2.1 Haemorrhoidal tissue is a normal component of the anal canal and is composed predominantly of vascular tissue, supported by smooth muscle and connective tissue. It functions as a compressible lining that allows the anus to close completely. Internal haemorrhoids (also known as piles) are located beneath the lining of the anus and occur when the haemorrhoidal tissue of the distal rectum and anal canal prolapses. Internal haemorrhoids are usually classified according to the degree of prolapse, although this may not reflect the severity of the person's symptoms. First-degree haemorrhoids bleed but do not prolapse. Second-degree haemorrhoids prolapse on straining during bowel movements, and reduce spontaneously. Third-degree haemorrhoids prolapse on straining and require manual reduction. Fourth-degree haemorrhoids are prolapsed and cannot be manually reduced.

2.2 A number of factors are known to be associated with the development of haemorrhoids, including increasing age, pregnancy and childbirth, chronic constipation, chronic diarrhoea, and family history of haemorrhoids. Estimates of the proportion of the UK population affected range from 4.4% to 24.5%. In 2004–5, approximately 23,000 haemorrhoidal procedures were carried out in England, of which approximately 8000 were excisional interventions.

2.3 Internal haemorrhoids may cause anal itching and irritation, bleeding during bowel movements and perianal pain. They sometimes protrude from the anus during bowel movements or may prolapse or extend outside the anus. External haemorrhoids can also occur. These are located near the anus and, although they cannot prolapse, may bleed if ruptured.

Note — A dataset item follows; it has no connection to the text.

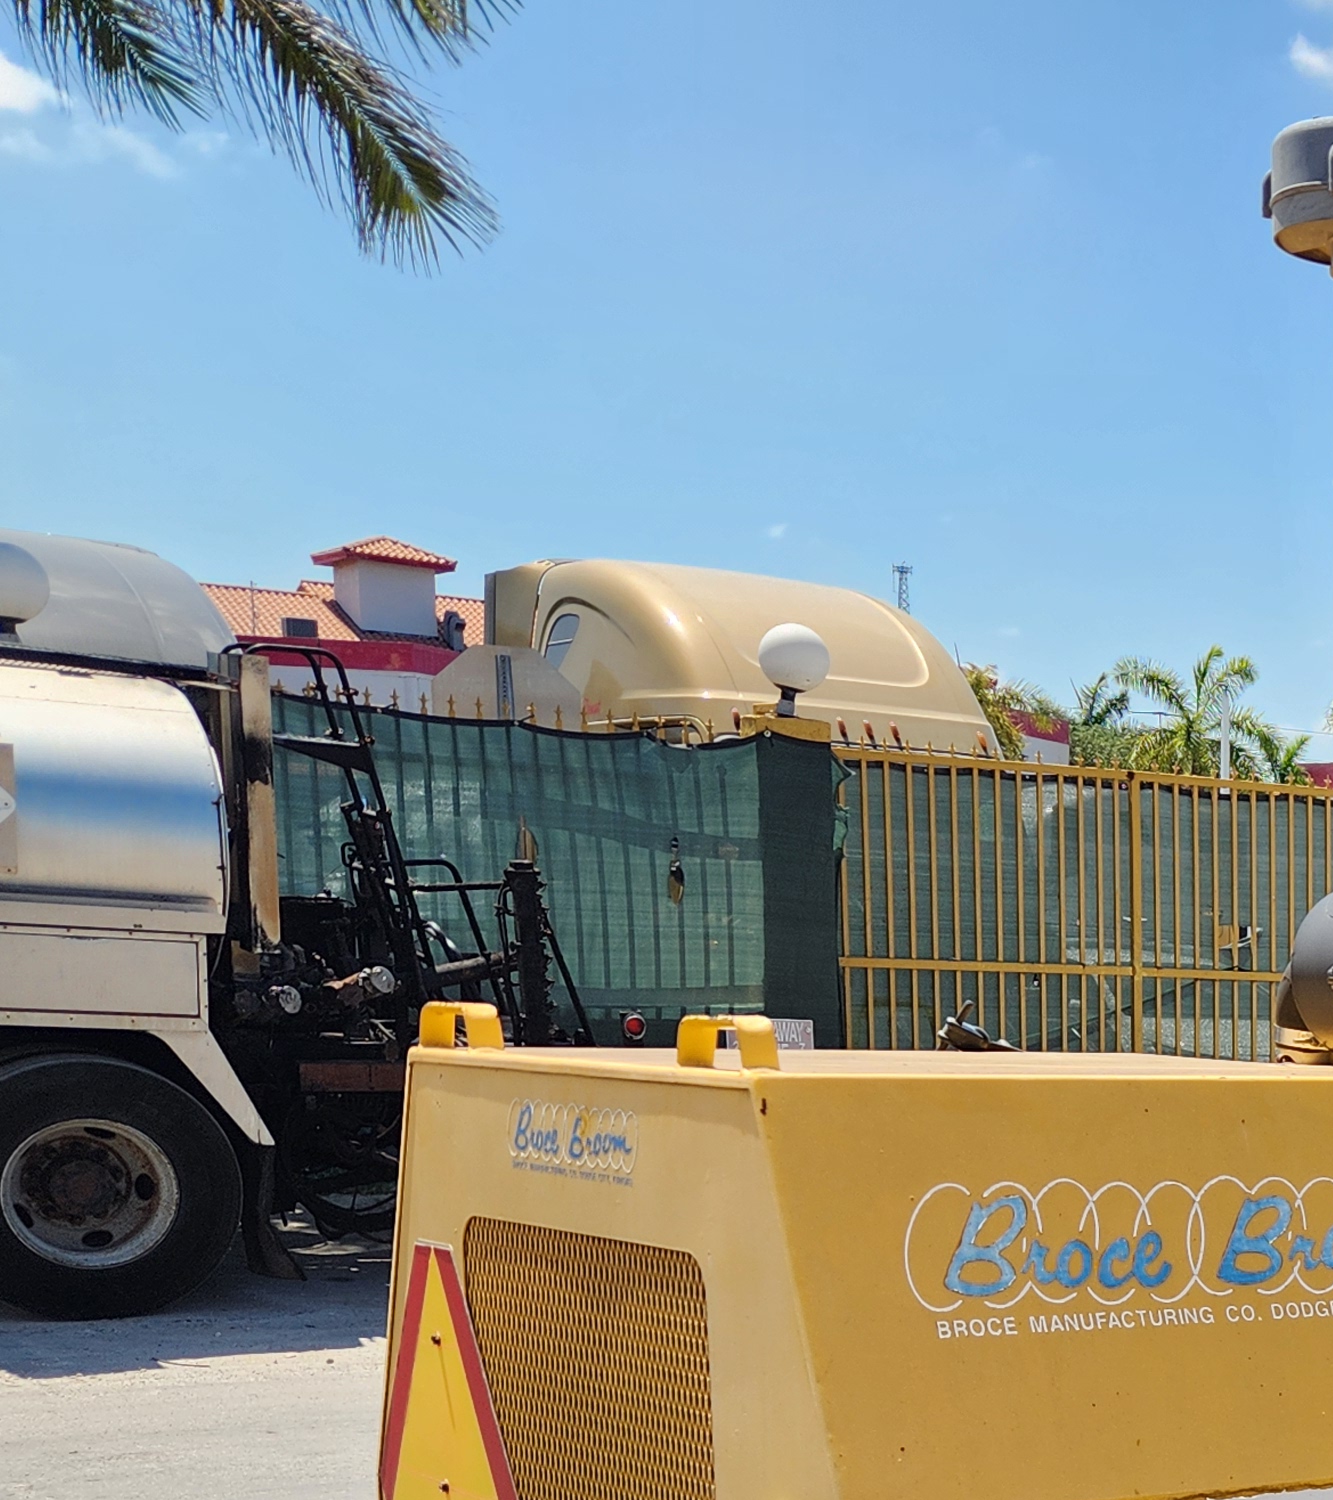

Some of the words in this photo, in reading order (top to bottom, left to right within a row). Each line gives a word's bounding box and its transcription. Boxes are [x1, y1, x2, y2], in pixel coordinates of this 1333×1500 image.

2.4 First- and second-degree internal haemorrhoids are generally treated by changing bowel habit, diet and lifestyle, and by using stool softeners or laxatives. For second-degree haemorrhoids, injection sclerotherapy, rubber-band ligation or infrared coagulation may also be used. Surgical haemorrhoidectomy is usually the treatment of choice for third- and fourth-degree haemorrhoids, prolapsed second-degree haemorrhoids that have not responded to non-surgical interventions and second-degree haemorrhoids with full circumferential involvement. Surgical haemorrhoidectomy is usually performed by the Milligan-Morgan (open) or Ferguson (closed) procedure. The Milligan-Morgan procedure involves dissection of the haemorrhoid and ligation of the vascular pedicle. The wounds are left open to heal naturally. The Milligan-Morgan procedure is thought to be relatively safe and effective for managing advanced haemorrhoidal disease, but because the anodermal wounds are left open healing is delayed, which may result in discomfort and prolonged postoperative morbidity. The Ferguson procedure is a modified version of the Milligan-Morgan technique, in which the wound is closed with a continuous suture to promote healing. A number of postoperative complications are associated with surgical haemorrhoidectomy. The short-term complications include pain, urinary retention, bleeding and perianal sepsis. Long-term complications may include anal fissure, anal stenosis, incontinence, fistula, and the recurrence of haemorrhoidal symptoms.